On appeal Loman raises two issues: (1) the default judgment was not a final judgment and was therefore subject to amendment; and (2) the district court erred in dismissing the claim for attorney's fees against the non-defaulting defendants. We affirm.


Loman commenced this action in October of 1983 seeking damages of $11,061.22 for breach of contract. Loman attempted to serve each of the named defendants by mail. See Fed.R.Civ.P. 4(c)(2)(C)(ii). Janyth Cich and Bruce L. Perri acknowledged receipt of the summons and complaint, but failed to interpose an answer.
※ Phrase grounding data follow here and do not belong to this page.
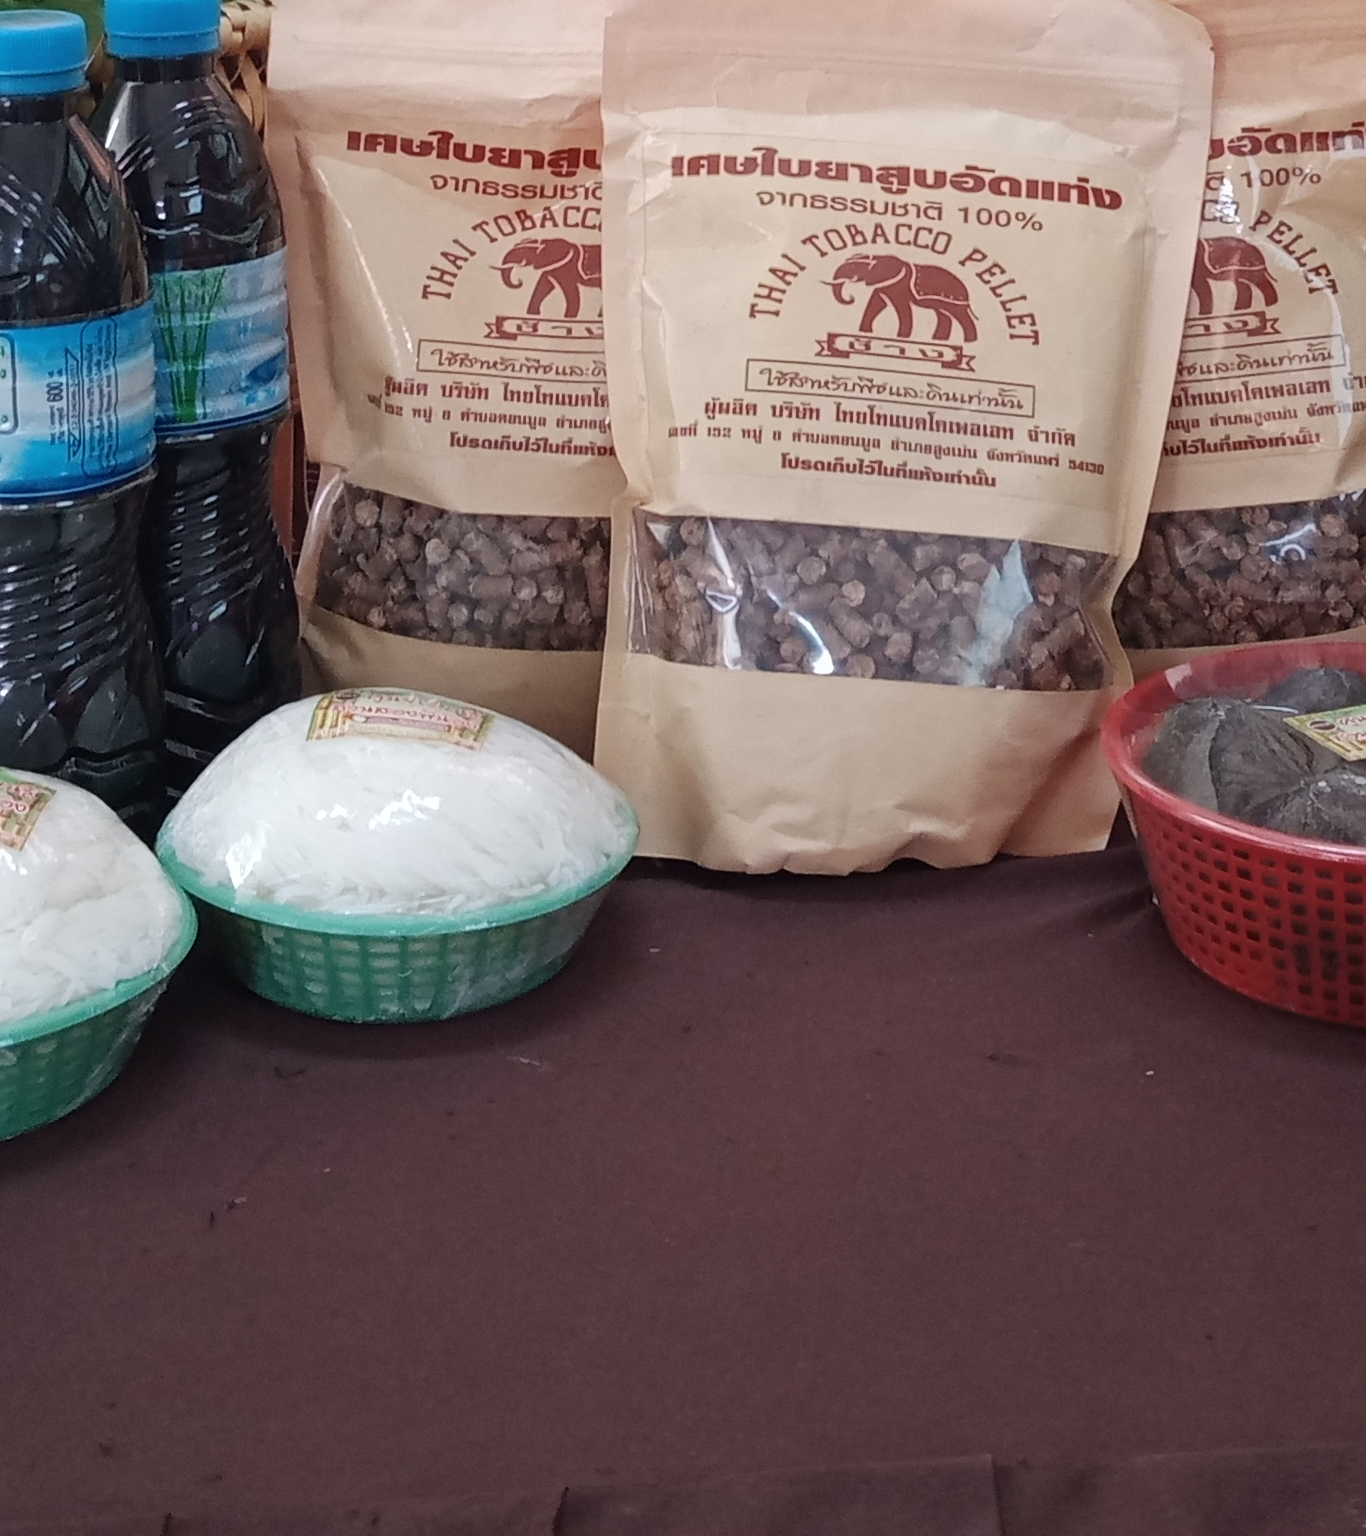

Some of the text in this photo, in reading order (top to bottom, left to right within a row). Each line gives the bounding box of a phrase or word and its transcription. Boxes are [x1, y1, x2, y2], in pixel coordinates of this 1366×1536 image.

[670, 146, 1124, 212] เศษใบยาสูบอัดแท่ง
[1239, 166, 1323, 189] 100%
[755, 190, 1044, 232] จากธรรมชาติ 100%
[421, 205, 603, 302] THAI TOBACC
[1248, 209, 1340, 296] PELLET
[748, 222, 1040, 347] THAI TOBACCO PELLET
[45, 380, 64, 404] 600
[758, 367, 1025, 410] ใช้สำหรับพืชและดินเท่านั้น
[704, 396, 758, 421] ผู้ผลิต
[770, 400, 821, 422] บริษัท
[1027, 424, 1077, 448] จำกัด
[740, 425, 764, 445] หมู่
[986, 446, 1061, 468] จังหวัดแพร่
[780, 451, 997, 488] โปรดเก็บไว้ในที่แห้งเท่านั้น
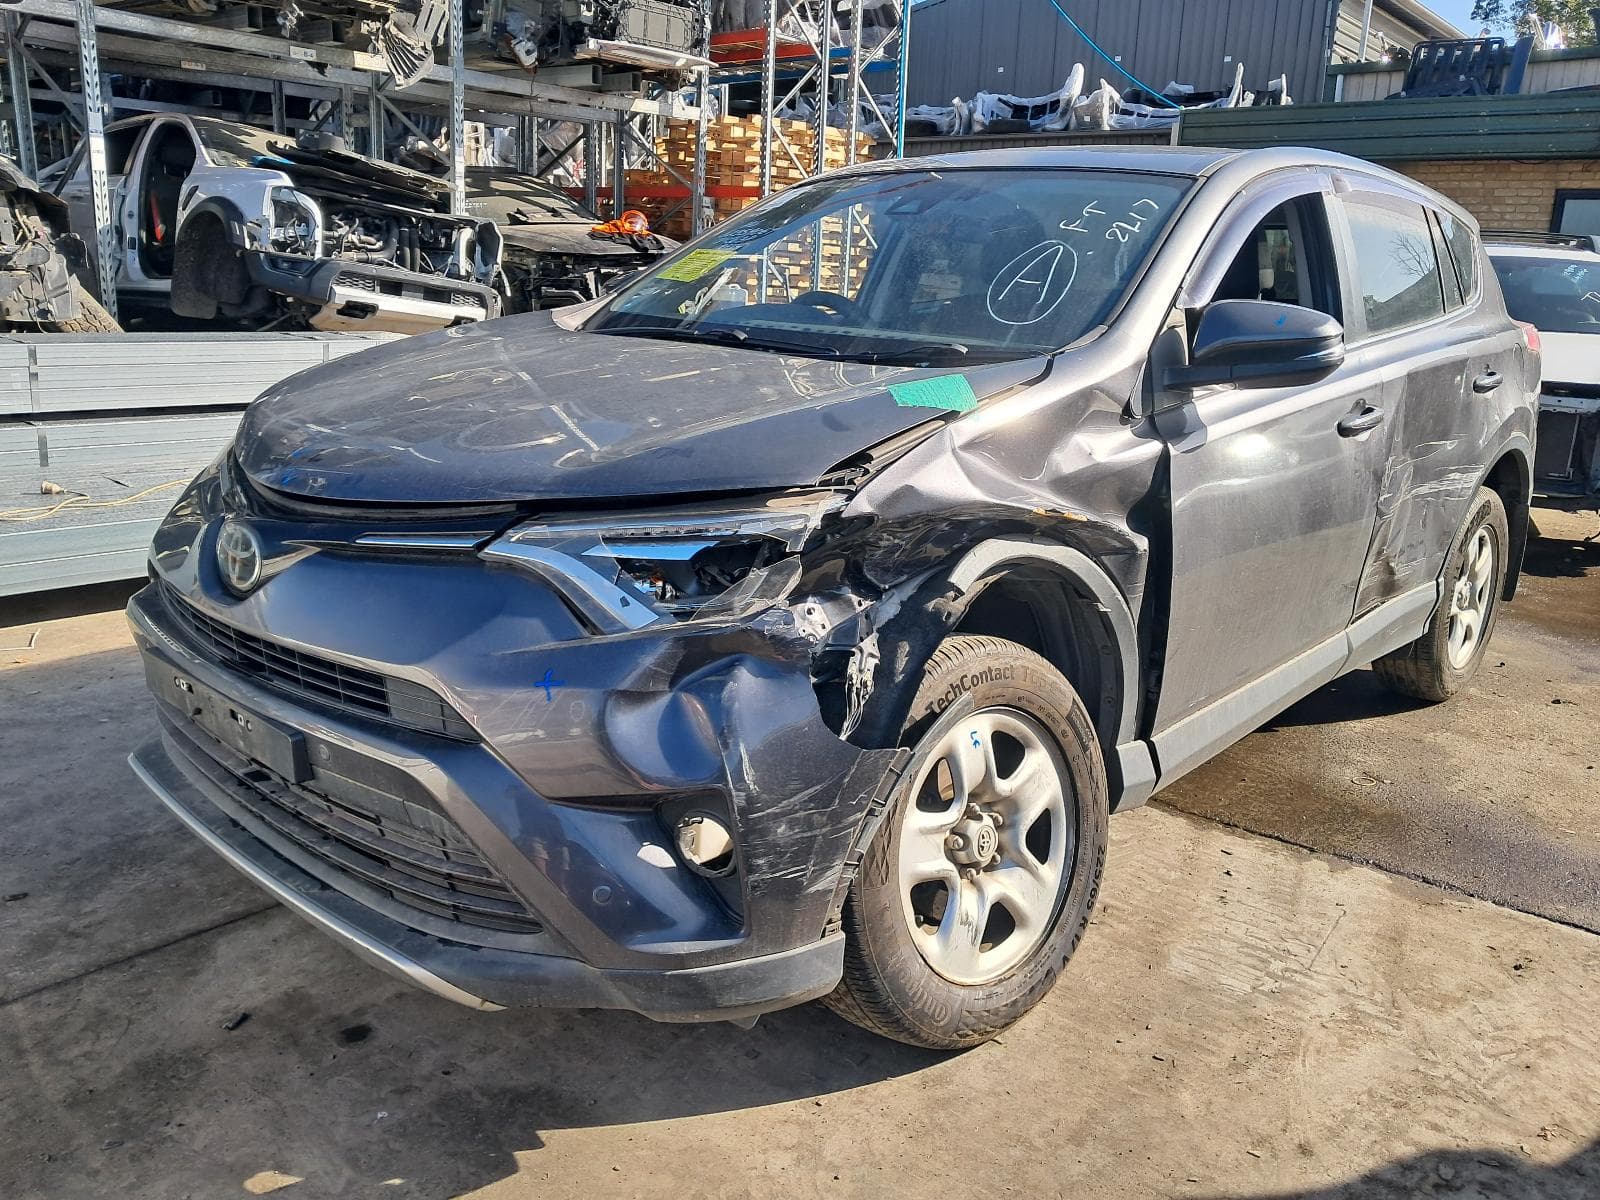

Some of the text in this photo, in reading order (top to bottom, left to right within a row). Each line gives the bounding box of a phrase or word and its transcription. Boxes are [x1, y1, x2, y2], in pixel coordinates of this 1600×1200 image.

[998, 244, 1064, 304] A
[925, 665, 1016, 714] TechContact
[1087, 844, 1105, 911] 225/65
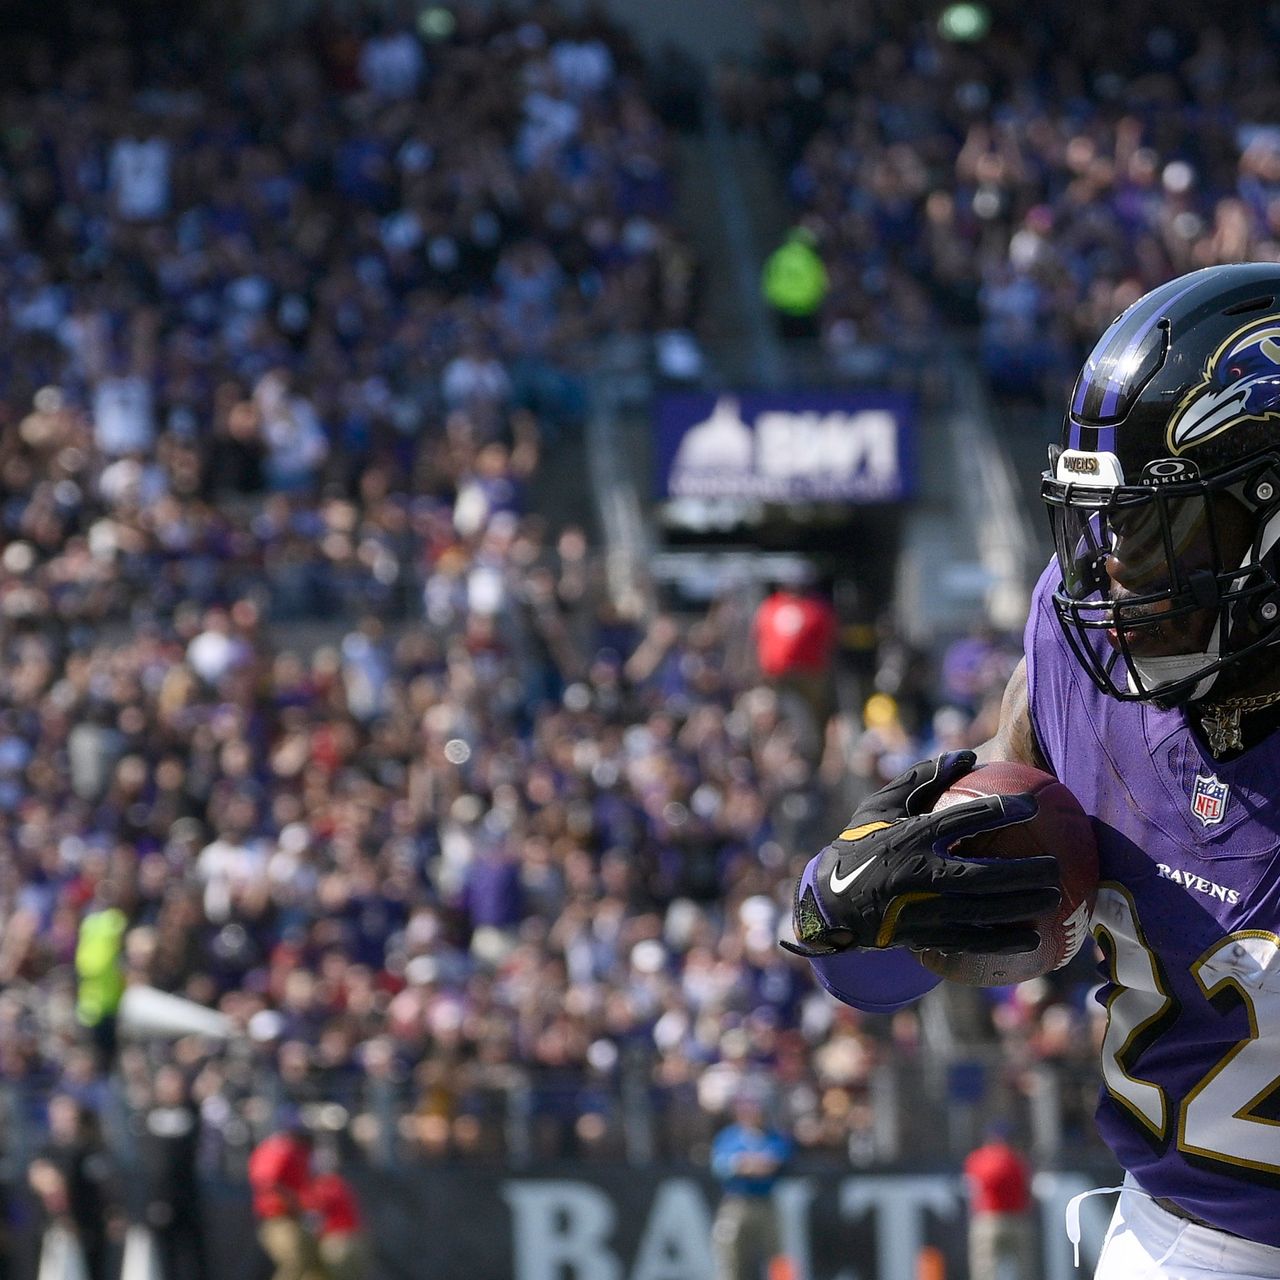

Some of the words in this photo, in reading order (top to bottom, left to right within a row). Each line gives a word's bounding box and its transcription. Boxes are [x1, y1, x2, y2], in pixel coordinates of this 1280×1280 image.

[1063, 456, 1099, 475] RAVENS
[1143, 472, 1197, 486] OAKLEY
[1195, 794, 1219, 817] NFL
[1156, 863, 1241, 904] RAVENS
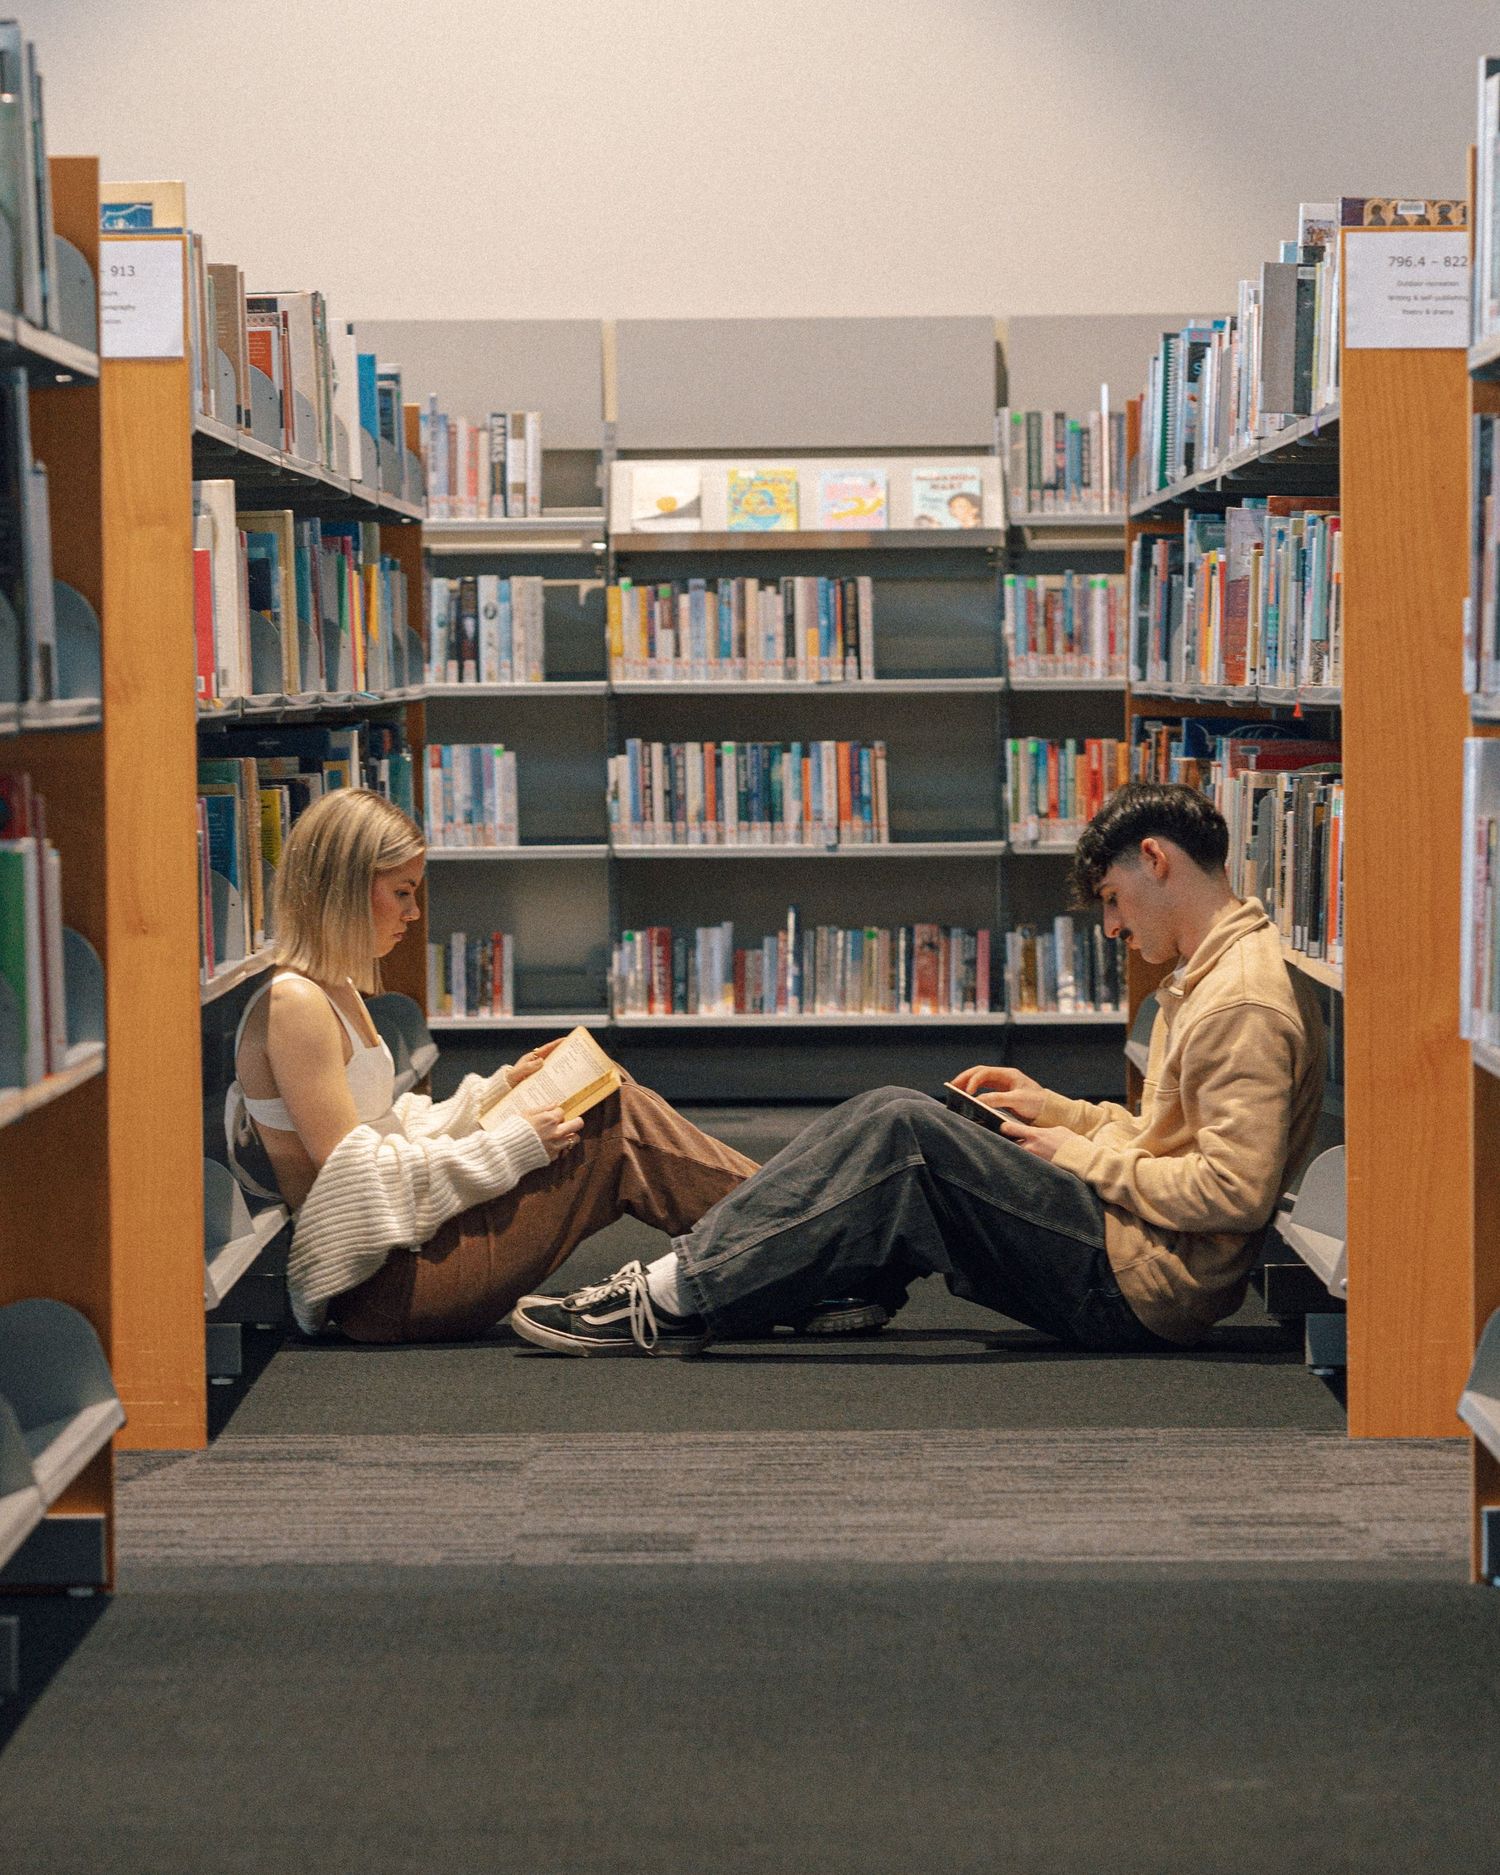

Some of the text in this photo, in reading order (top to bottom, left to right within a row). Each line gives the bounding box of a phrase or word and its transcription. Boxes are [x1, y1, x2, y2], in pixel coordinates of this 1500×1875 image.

On January 9, 1984 the district court granted Loman's motions for default judgment. (Although a separate default judgment was entered against each defendant, for ease of discussion we will at times use the singular.) Judgment was entered in favor of Loman and against Janyth Cich and Bruce L. Perri in the amount of $11,061.22 principal, $2,000.00 attorney's fees2 together with costs of the action. The judgment was filed on January 17, 1984.


In February the remaining defendants were personally served with process and they submitted timely answers to Loman's complaint. On March 5, 1984 the defaulting defendants filed a motion for relief from the judgment. See Fed.R.Civ.P. 60(b). During the pendency of this motion Loman began proceedings to execute on the defaulting defendants' property to satisfy the judgment. The district court granted the defaulting defendants' motion to stay execution. Loman also, and perhaps belatedly, became aware that the contract contained a clause authorizing an award of attorney's fees. Loman's motion to amend its complaint to add a reference to this provision was granted by the court on August 16, 1984. The defaulting defendants' motion for relief was denied on October 5, 1984. Sometime in late November the defaulting defendants tendered a check to Loman for the full amount of the judgment together with interest. Loman filed a satisfaction of judgment on December 13, 1984.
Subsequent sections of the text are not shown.